Résumé de thèse présenté par Jacques Langue.
Docteur Christophe Jarny
2, quai Joseph Gillet 69004 Lyon
Les trotteurs, que les Canadiens appellent joliment « marchettes à roulettes », sont ces systèmes qui permettent aux enfants de déambuler avant de savoir marcher et, accessoirement, de foncer contre les murs et de se jeter du haut des escaliers.
Dans certains pays, les parents raffolent des trotteurs. Au début des années 2000, 3 millions d’unités étaient vendus chaque année aux Etats Unis. En Grande Bretagne, des études estiment que 50% des enfants les utilisent. En France, il n’y a pas de véritables statistiques fiables concernant leur usage.
Toutefois nous pouvons voir que les premières utilisations des trotteurs se font généralement vers les huit mois de l’enfant et que plusieurs motivations sont à l’origine de leur utilisation.
La première motivation des mères qui achètent ou empruntent un trotteur est la liberté que cela procure à l’enfant (72 %). Le trotteur est également un moyen d’amuser l’enfant (56 %), de l’occuper (41 %) ; les mères apprécient par ailleurs son côté « pratique » (31 %). 16 % d’entre elles jugent le trotteur sécurisant et 35 % pensent qu’il facilite l’apprentissage de la marche.
Une étude française, hospitalière, portant sur 100 cas de traumatismes crâniens survenus chez des enfants de moins de deux ans hospitalisés dans un service de pédiatrie générale entre 1997 et 1999 retrouves une implication du trotteur exclusivement chez les enfants de moins de un an. Dans cette tranche d’âge, 40,9 % des accidents étaient liés au trotteur. Dans 92% des cas il s’agissait d’une chute dans les escaliers.
Cela fait donc un certain temps que le trotteur est critiqué dans de nombreux pays et certains à l’image du Canada ont décidé d’en interdire la vente et l’usage.
Le Canada était aussi un des précurseurs dans l‘interdiction du Bisphénol A.
L’Association européenne pour la sécurité des enfants et l’Anec, porte-parole des consommateurs européens en matière de normalisation, ont récemment publié une déclaration commune demandant à l’Union européenne d’interdire la commercialisation des trotteurs pour bébé en Europe.
Ce document met en avant les risques de blessures graves causées par l’utilisation de ce type de matériel (voir plus haut).
Aux Etats-Unis les trotteurs seraient également responsables de 4.000 à 5.000 accidents chaque année.
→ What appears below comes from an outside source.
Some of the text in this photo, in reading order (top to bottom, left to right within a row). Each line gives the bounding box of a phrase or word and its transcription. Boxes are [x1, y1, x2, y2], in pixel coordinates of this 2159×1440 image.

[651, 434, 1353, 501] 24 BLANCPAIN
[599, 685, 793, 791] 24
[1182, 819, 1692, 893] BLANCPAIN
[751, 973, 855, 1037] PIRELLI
À l’échelle européenne, les données montrent que 90% des blessures associées aux trotteurs se situent à la tête et 5% causent des brûlures, le trotteur permettant à l’enfant d’atteindre des objets dangereux auparavant hors de sa portée (bouilloires, portes de four…).
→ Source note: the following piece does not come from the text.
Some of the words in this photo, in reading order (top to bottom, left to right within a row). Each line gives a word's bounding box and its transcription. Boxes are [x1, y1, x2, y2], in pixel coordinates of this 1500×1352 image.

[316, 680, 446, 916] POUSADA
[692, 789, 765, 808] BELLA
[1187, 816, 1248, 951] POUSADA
Par ailleurs, les auteurs précisent qu’un bébé dans un trotteur peut atteindre une vitesse de plus de 3 km/h et considèrent que ce matériel de puériculture est inutile et ne constitue pas une aide à la marche.
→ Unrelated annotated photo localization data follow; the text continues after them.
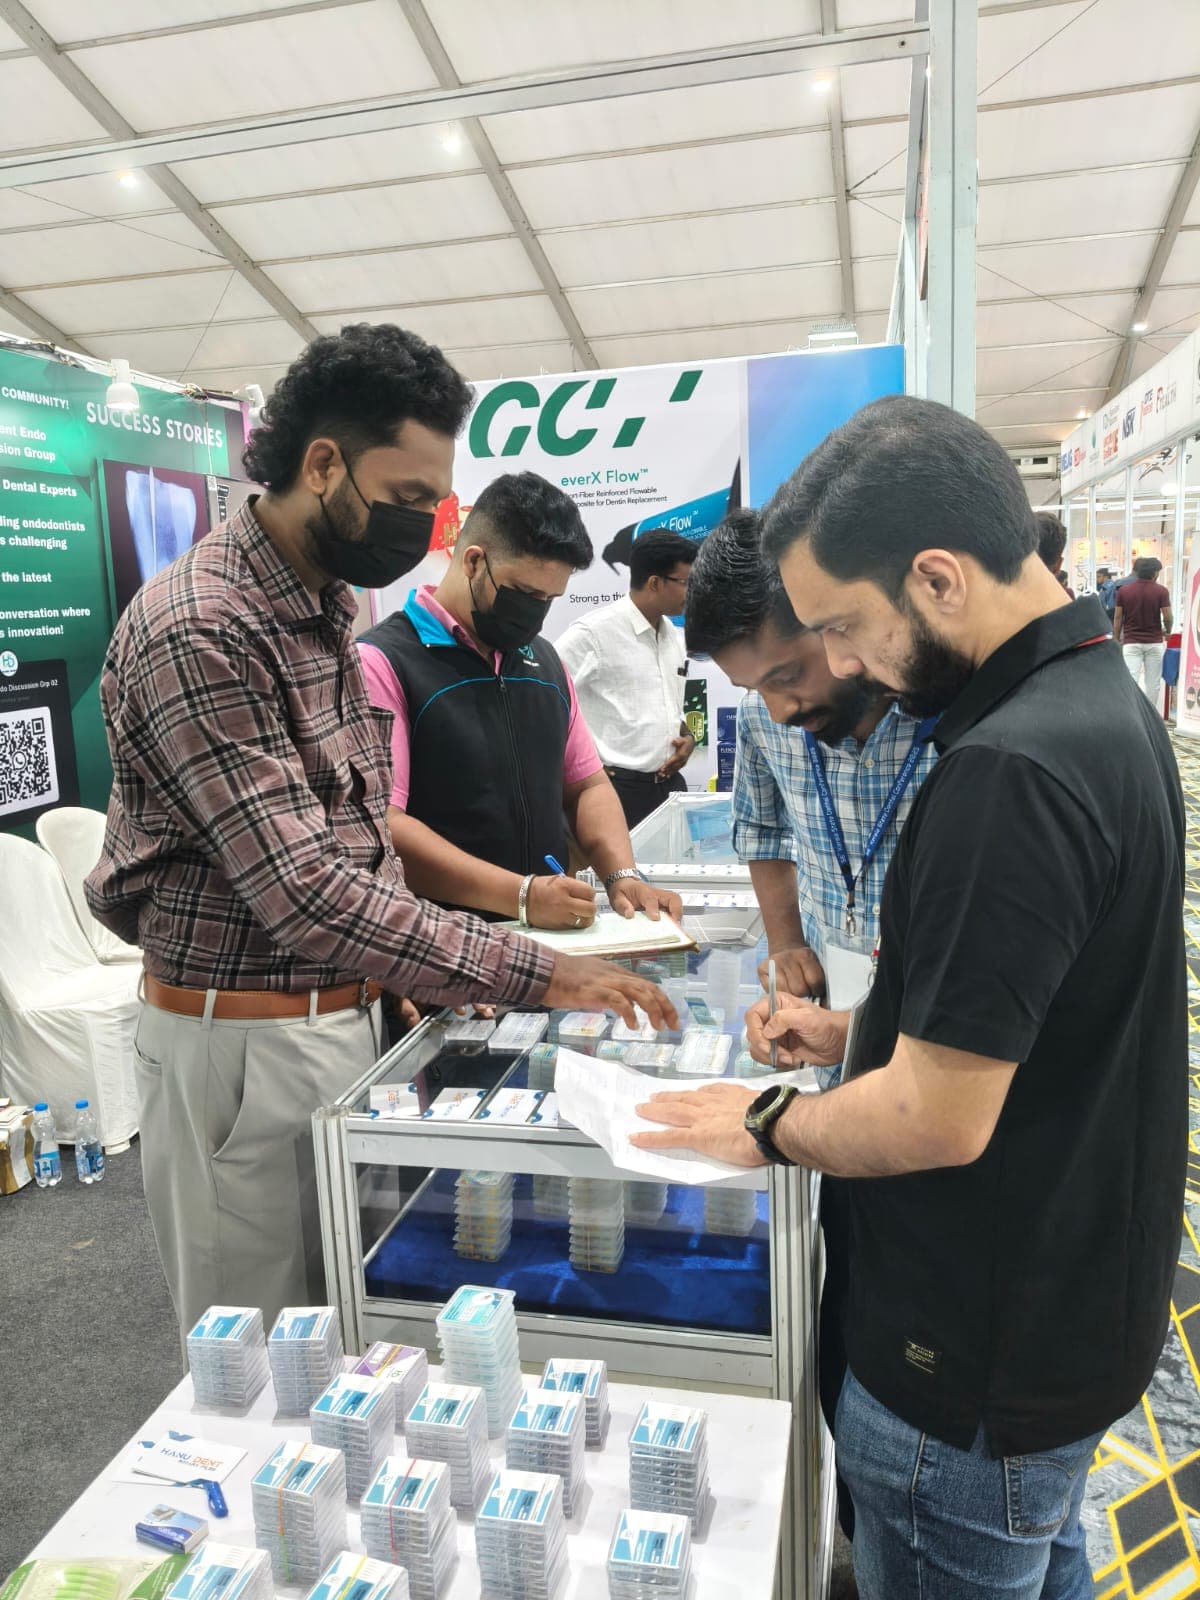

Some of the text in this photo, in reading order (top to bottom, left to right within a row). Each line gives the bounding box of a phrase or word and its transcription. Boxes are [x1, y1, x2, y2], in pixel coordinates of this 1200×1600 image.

[1, 386, 69, 410] COMMUNITY!
[86, 402, 223, 448] SUCCESS STORIES
[20, 426, 46, 440] Endo
[24, 446, 56, 463] Group
[561, 472, 601, 487] everX
[2, 479, 77, 498] Dental Experts
[597, 488, 628, 497] Reinforced
[630, 486, 658, 494] Flowable
[577, 495, 667, 509] posite for Dentin Replacement
[22, 518, 86, 531] endodontists
[9, 535, 68, 551] challenging
[1, 571, 52, 582] the latest
[570, 594, 599, 604] Strong
[601, 594, 610, 602] to
[61, 607, 91, 617] where
[8, 624, 64, 638] innovation!
[9, 683, 39, 691] Discussion
[160, 1447, 224, 1468] HANU DENT
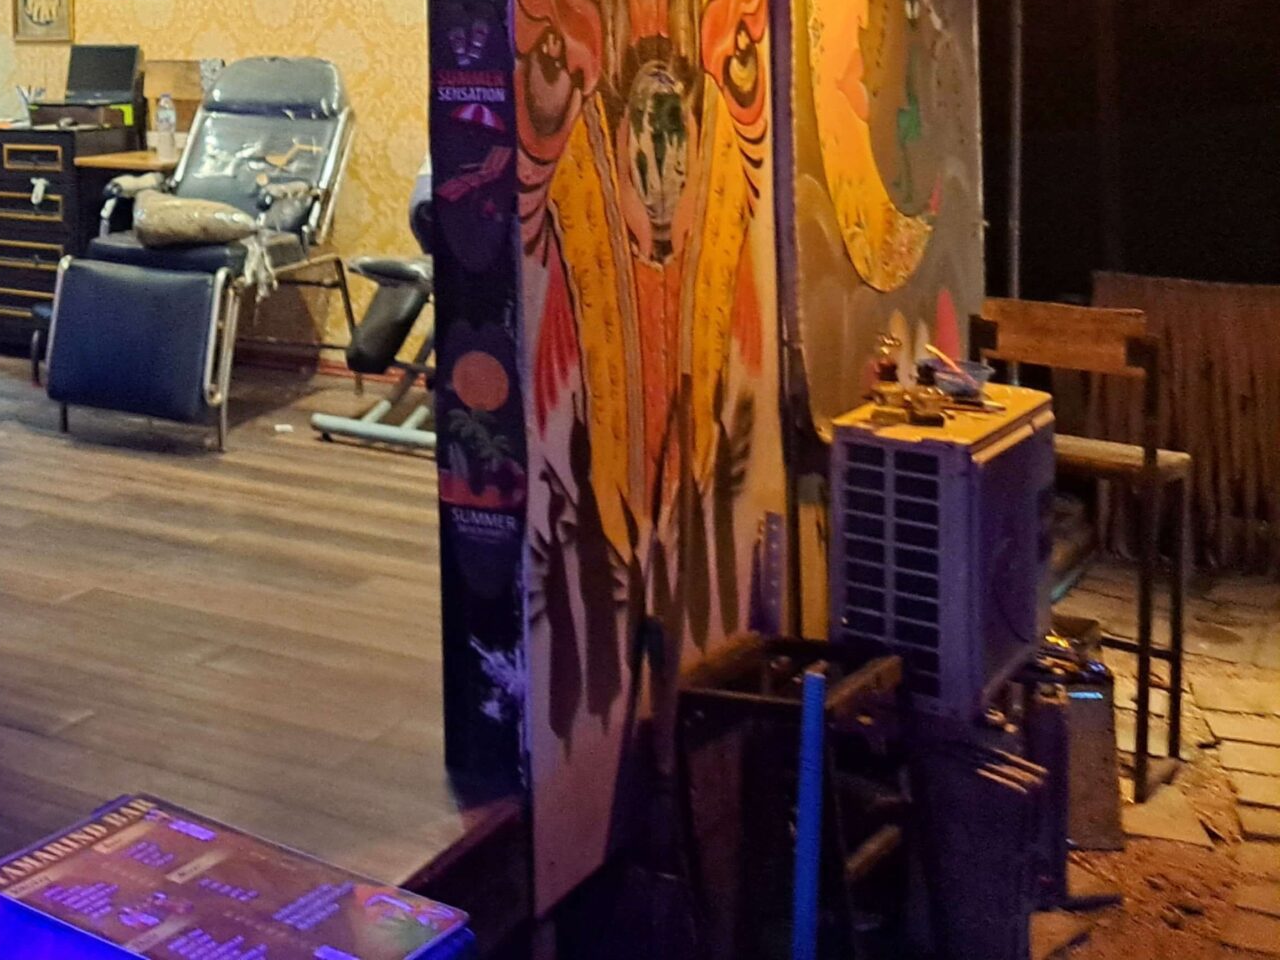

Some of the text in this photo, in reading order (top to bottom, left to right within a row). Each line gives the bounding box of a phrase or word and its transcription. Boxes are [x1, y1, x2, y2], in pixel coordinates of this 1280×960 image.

En attendant la décision de l’Union Européenne, les auteurs proposent aux parents utilisant un trotteur d’installer des barrières de sécurité pour prévenir les chutes dans les escaliers et d’en interdire l’accès aux endroits dangereux comme la cuisine. Ils demandent aux autorités de mettre en place des campagnes de sensibilisation et de s’assurer que les trotteurs disponibles sur le marché européen sont conformes aux normes en vigueur (EN 1273 – août 2005).